Mais attention ! Si la France doit aujourd’hui renforcer le partenariat stratégique initié par le général de Gaulle et pousser l’Europe à se lier plus étroitement
à la Russie, rien, chez nous, en ce début du XXIe siècle, n’est plus donné. Il est
exceptionnel que mes compatriotes fassent des positions françaises une pierre de
touche. Les représentations de la France, ici, peuvent désormais varier de l’indifférence à la suspicion systématique. Les a priori favorables, déjà rares,
peuvent tourner au dépit, tant la présence française demeure insuffisante en
regard des attentes. D’autant que le rôle de la France, au sein de l’UE, reste très
flou. Et il semble que les Français, tout comme d’ailleurs les Russes, aient
renoncé à leurs positions traditionnelles : une volonté de compter dans le monde.
Ces derniers temps, la presse française a donné des articles sur la Russie qui
ne se distinguent pas par l’éloge, les reportages sur notre pays illustrant une
tendance anti-russe. C’est que vos journalistes restent sérieusement handicapés
par la méconnaissance du pays. L’enseignement du russe ne tend-il pas à disparaître de vos lycées et collèges ? (De même, nous avons un certain nombre de
spécialistes très qualifiés de la France, mais l’information de la Russie sur votre
pays n’est pas non plus complète et systématisée, car nous manquent de grands
centres de recherche en la matière). Les experts russes dégagent trois courants
principaux dans la « russologie » universitaire ou médiatique française :
- les irréconciliables qui s’en prennent même à la Russie contemporaine au
nom d’un soi-disant « néo-impérialisme » russe, prônent à l’Ouest des positions
rigides sur Moscou et un soutien indéfectible aux ex-républiques de l’Union
soviétique. Les leaders de cette tendance, Alain Besançon ou Marie Mendras,
sont passés de l’antisoviétisme à une russophobie qui est indépendante du
régime en vigueur dans notre pays. Ceci pour faire en sorte que la démocratie,
chez nous, se renforce !
- les critiques auquels la Russie demeure sympathique mais qui forcent le trait
négatif à l’endroit du régime. Jacques Sapir ou Jean Radvanyi, par exemple,
récusent la « thérapie (sociale) de choc » mise en œuvre après la désintégration
de l’Union soviétique et ses conséquences politiques : la faveur des communistes comme des nationalistes et un possible retour au totalitarisme.

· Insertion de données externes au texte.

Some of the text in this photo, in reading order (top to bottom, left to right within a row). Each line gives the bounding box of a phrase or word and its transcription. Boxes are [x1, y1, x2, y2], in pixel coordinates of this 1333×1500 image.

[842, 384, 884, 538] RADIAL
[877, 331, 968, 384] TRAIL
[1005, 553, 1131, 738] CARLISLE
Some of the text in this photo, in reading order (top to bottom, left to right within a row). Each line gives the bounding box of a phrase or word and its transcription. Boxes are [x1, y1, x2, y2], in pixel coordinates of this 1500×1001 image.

Ce sont les
positions par ailleurs défendues en Russie par le bloc Iabloko de Iavlinski et
l’opposition de gauche ;
- les libéraux (pour la plupart de gauche), très anticommunistes pendant la
période soviétique, qui critiquaient Gorbatchev pour ses « demi-mesures » et
ont milité pour la chute du régime. Auparavant soutiens actifs d’Eltsine, ils
soutiennent aujourd’hui Poutine. Ce sont des optimistes qui pensent avec
Hélène Carrère d’Encausse que la Russie marche, malgré les difficultés traversées, vers la démocratie, l’État de droit et une véritable économie de marché. Ils
appellent l’Ouest et la France à défendre le régime actuel. On trouve dans ce
courant les émigrés de la « première vague » tel Nikita Struve et autres spécialistes de la littérature russe (alors que ceux de la « troisième vague » seraient
plutôt liés au deuxième courant).
Il apparaît plus généralement que c’est la presse de centre-gauche et de
gauche qui formule une critique acerbe de la Russie alors que celle de droite
reste plus mesurée.
Mais la fin des années 1990 s’est caractérisée par une détérioration des relations entre nos deux pays et un affaiblissement de la compréhension mutuelle.

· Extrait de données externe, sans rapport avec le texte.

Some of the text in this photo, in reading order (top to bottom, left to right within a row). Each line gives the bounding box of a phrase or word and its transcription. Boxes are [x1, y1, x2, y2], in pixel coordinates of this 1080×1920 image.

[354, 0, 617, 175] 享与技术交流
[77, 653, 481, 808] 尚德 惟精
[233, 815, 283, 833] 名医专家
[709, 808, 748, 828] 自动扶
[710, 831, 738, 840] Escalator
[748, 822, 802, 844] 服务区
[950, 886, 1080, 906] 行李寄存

Car la droite n’a pas compensé la perte de soutien moral à gauche. Même si
quelques-uns de ses représentants, surtout néo-gaullistes, ont accueilli avec
sympathie les réformes que nous avons introduites, la base, ici, n’est pas très
motivée à cet égard. Dans la mesure, en particulier, où les principaux interlocuteurs de la Russie sont les États-Unis et l’Allemagne, à la réunification de
laquelle nous n’avons pas fait réellement obstacle.
La France manque en définitive de spécialistes de la Russie. Et c’est là un
facteur dont personne ne se préoccupe. Les Français, en effet, ne pourront pas
soutenir la compétition avec des pays capables d’analyser en profondeur notre
société et d’anticiper ses évolutions.